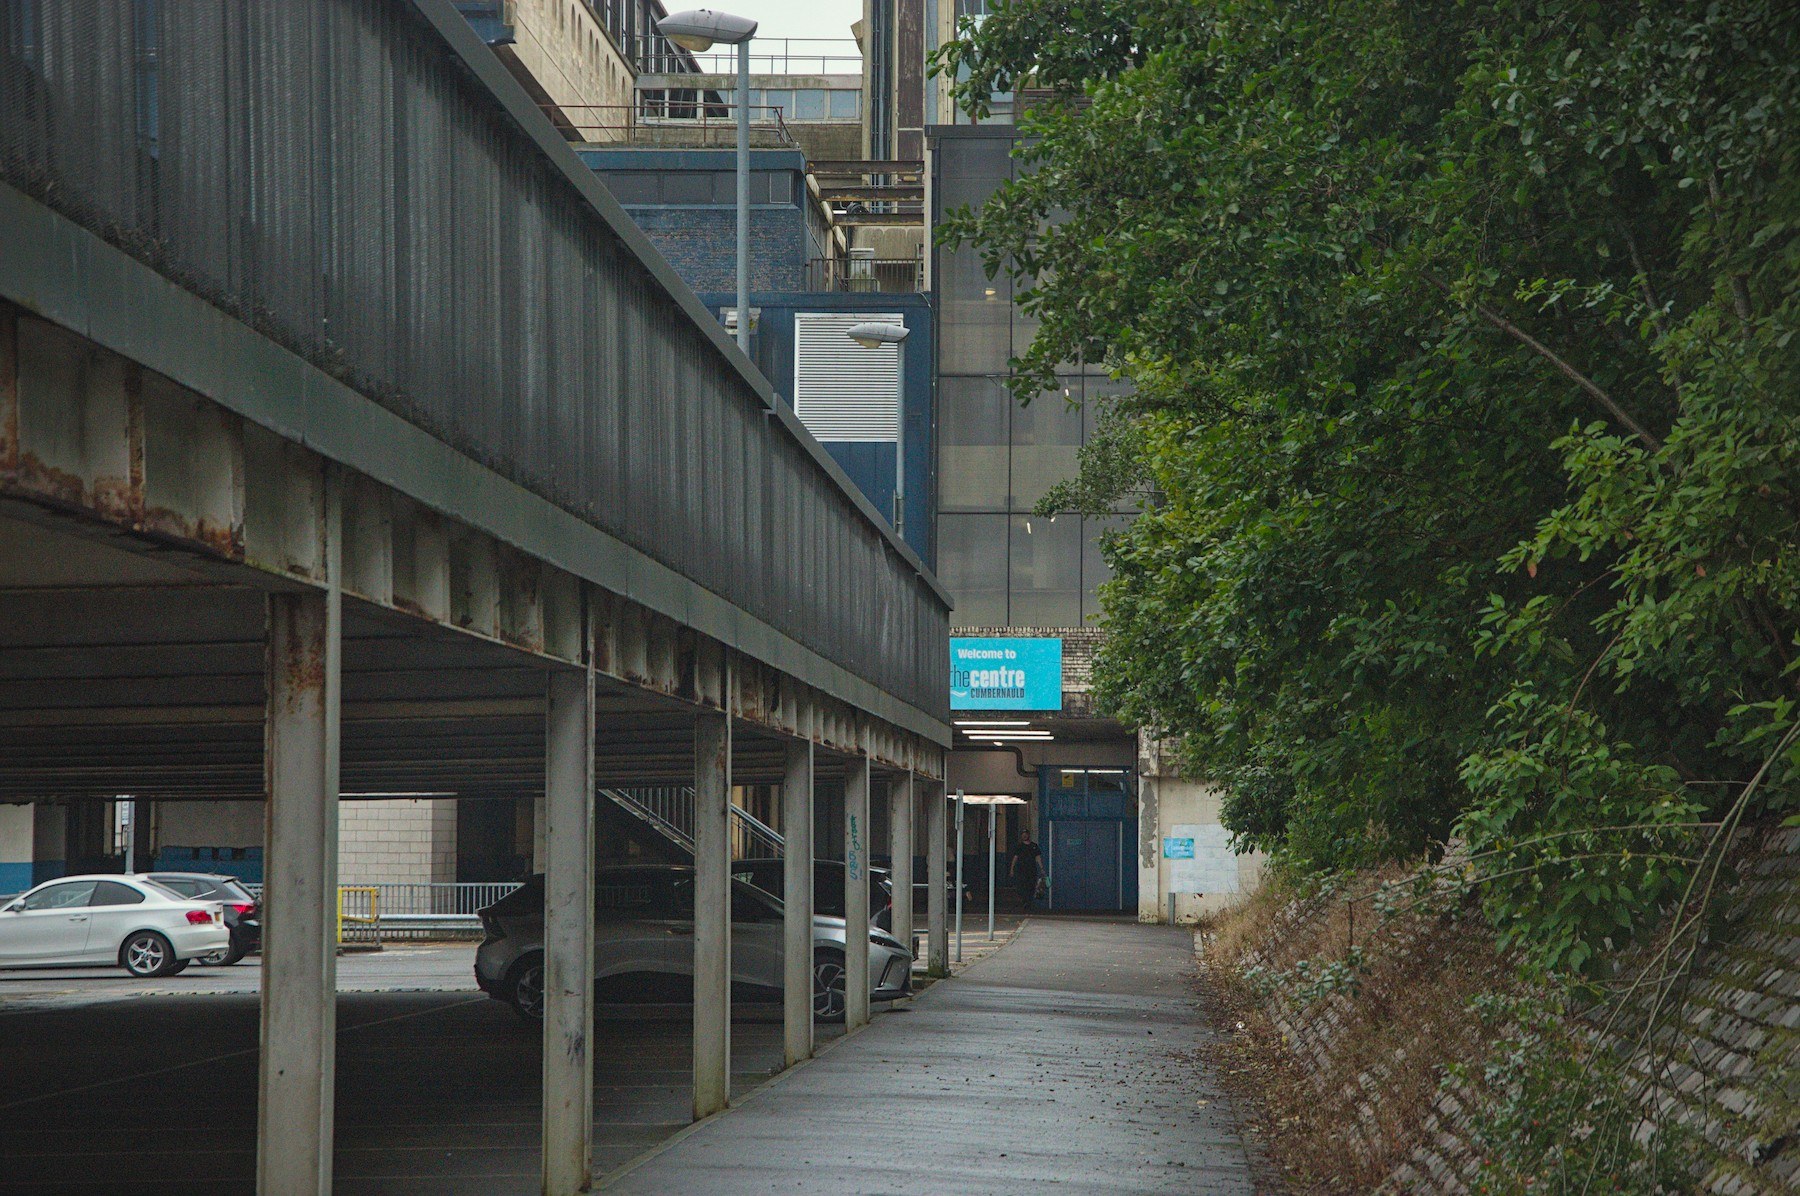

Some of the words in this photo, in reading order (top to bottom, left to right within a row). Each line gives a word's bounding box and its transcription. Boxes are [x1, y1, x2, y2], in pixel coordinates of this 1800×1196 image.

[957, 648, 1003, 659] Welcome
[1004, 648, 1017, 659] to
[970, 665, 1025, 688] centre
[970, 688, 1025, 699] CUMBERNAULD
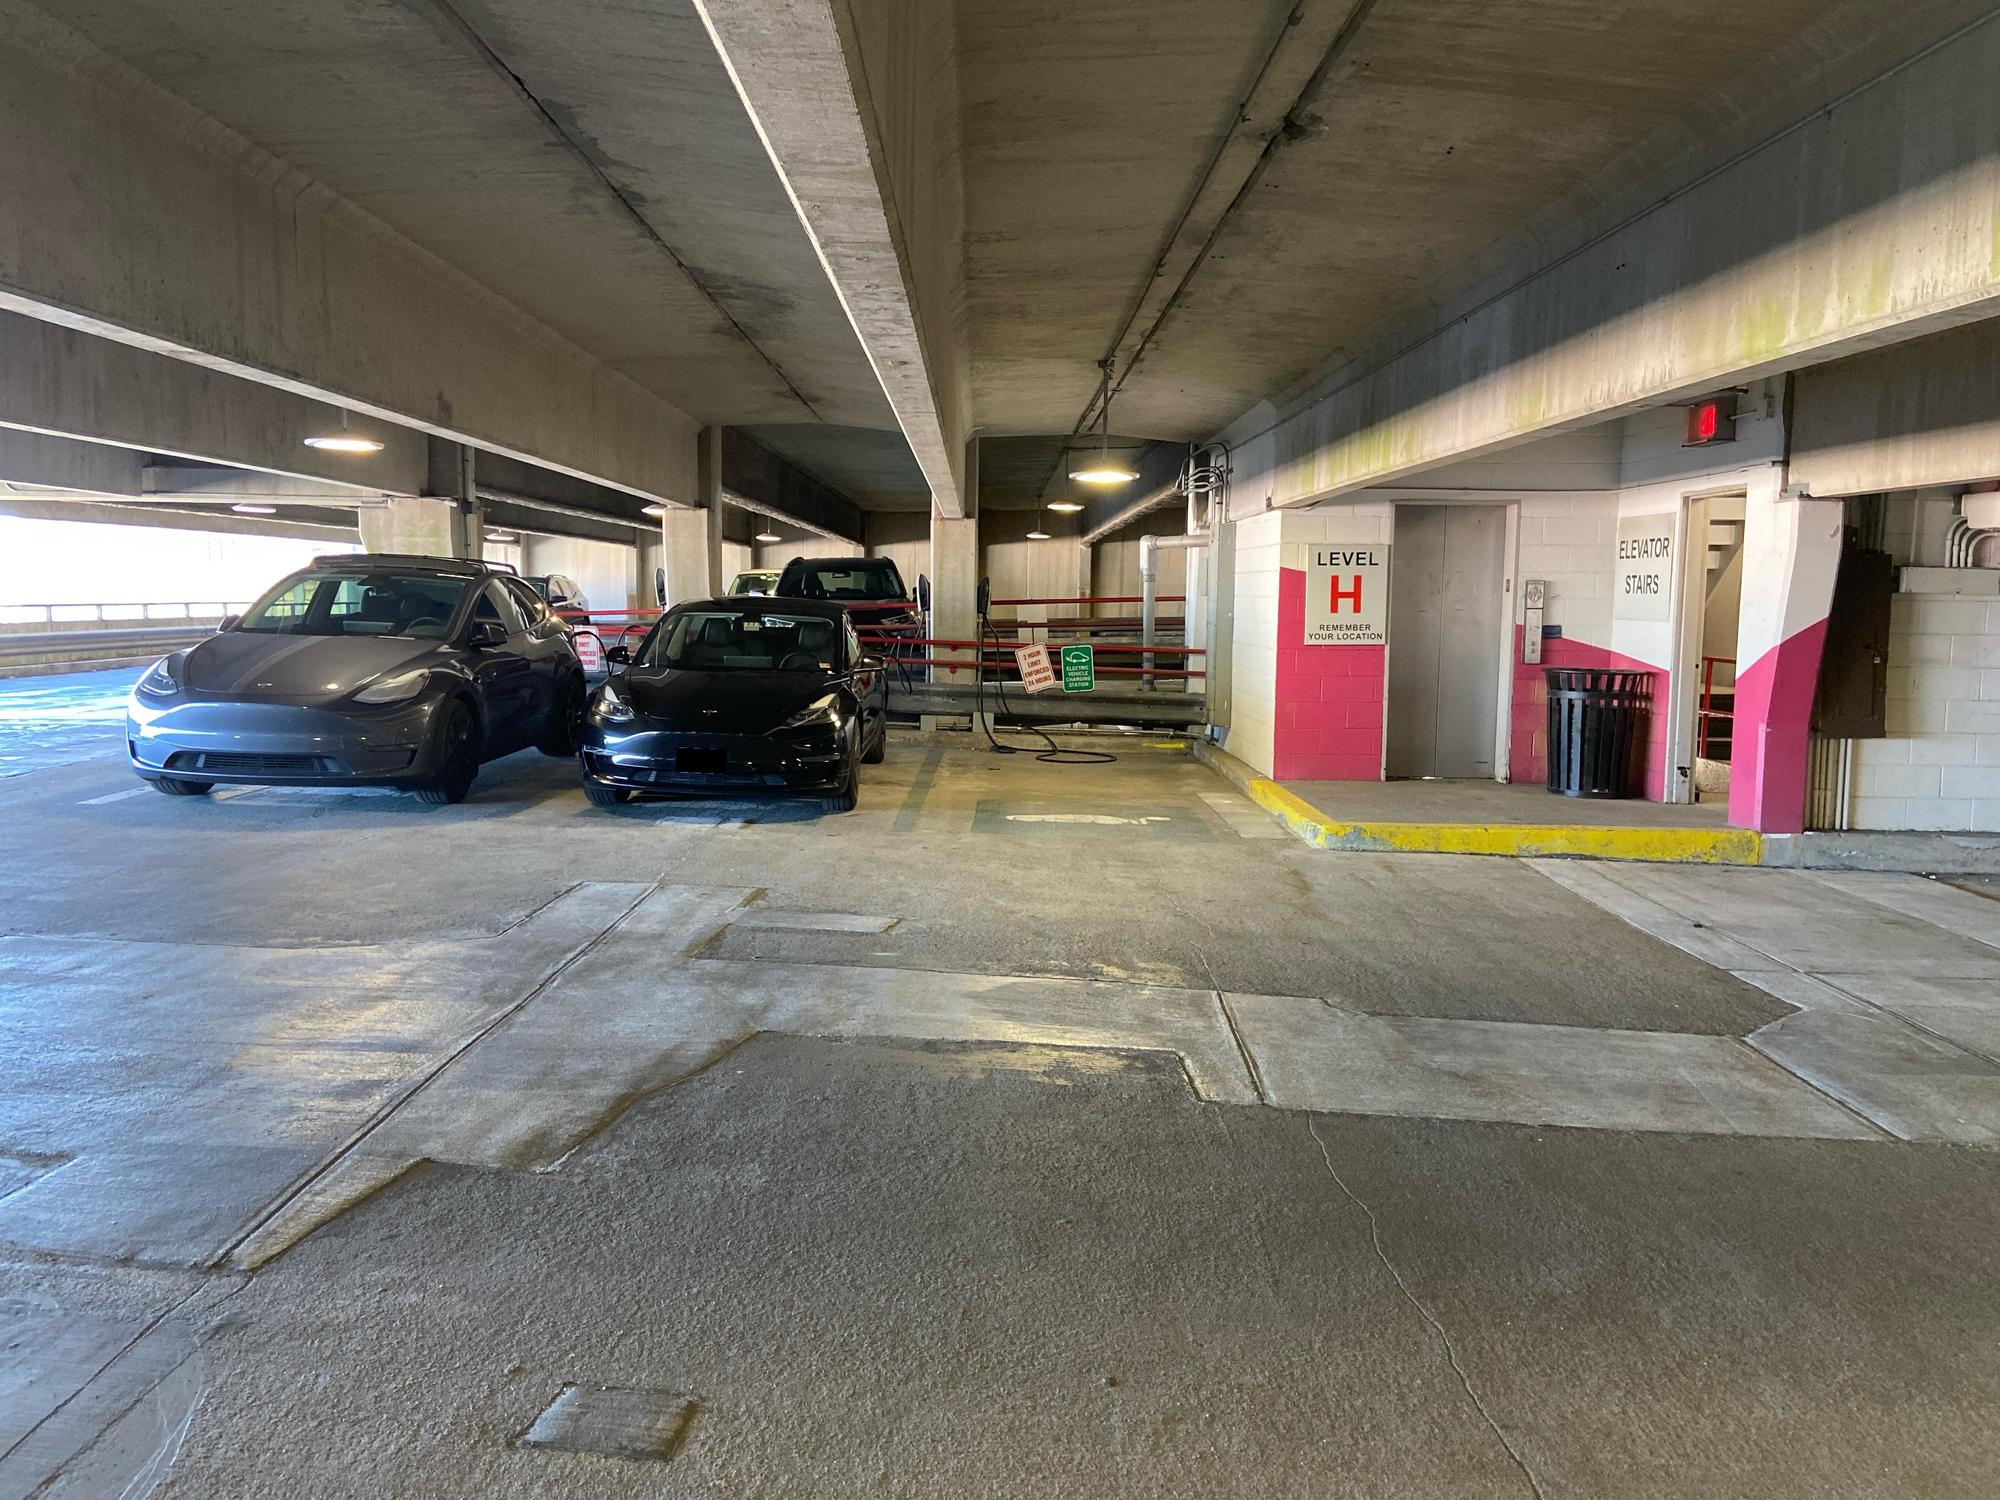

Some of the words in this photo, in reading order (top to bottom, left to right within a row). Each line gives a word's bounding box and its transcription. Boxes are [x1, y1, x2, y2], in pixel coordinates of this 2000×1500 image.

## [TASK BRIEF]
Will you restate every entry word for word and omit the images?

## [RESPONSE BOX]
Some of the words in this photo, in reading order (top to bottom, left to right within a row). Each line gives a word's bounding box and its transcription. Boxes are [x1, y1, x2, y2], in pixel coordinates of this 1800×1196 image.

[957, 648, 1003, 659] Welcome
[1004, 648, 1017, 659] to
[970, 665, 1025, 688] centre
[970, 688, 1025, 699] CUMBERNAULD

Some of the words in this photo, in reading order (top to bottom, left to right within a row). Each line gives a word's bounding box and its transcription. Boxes are [x1, y1, x2, y2], in pixel coordinates of this 2000×1500 image.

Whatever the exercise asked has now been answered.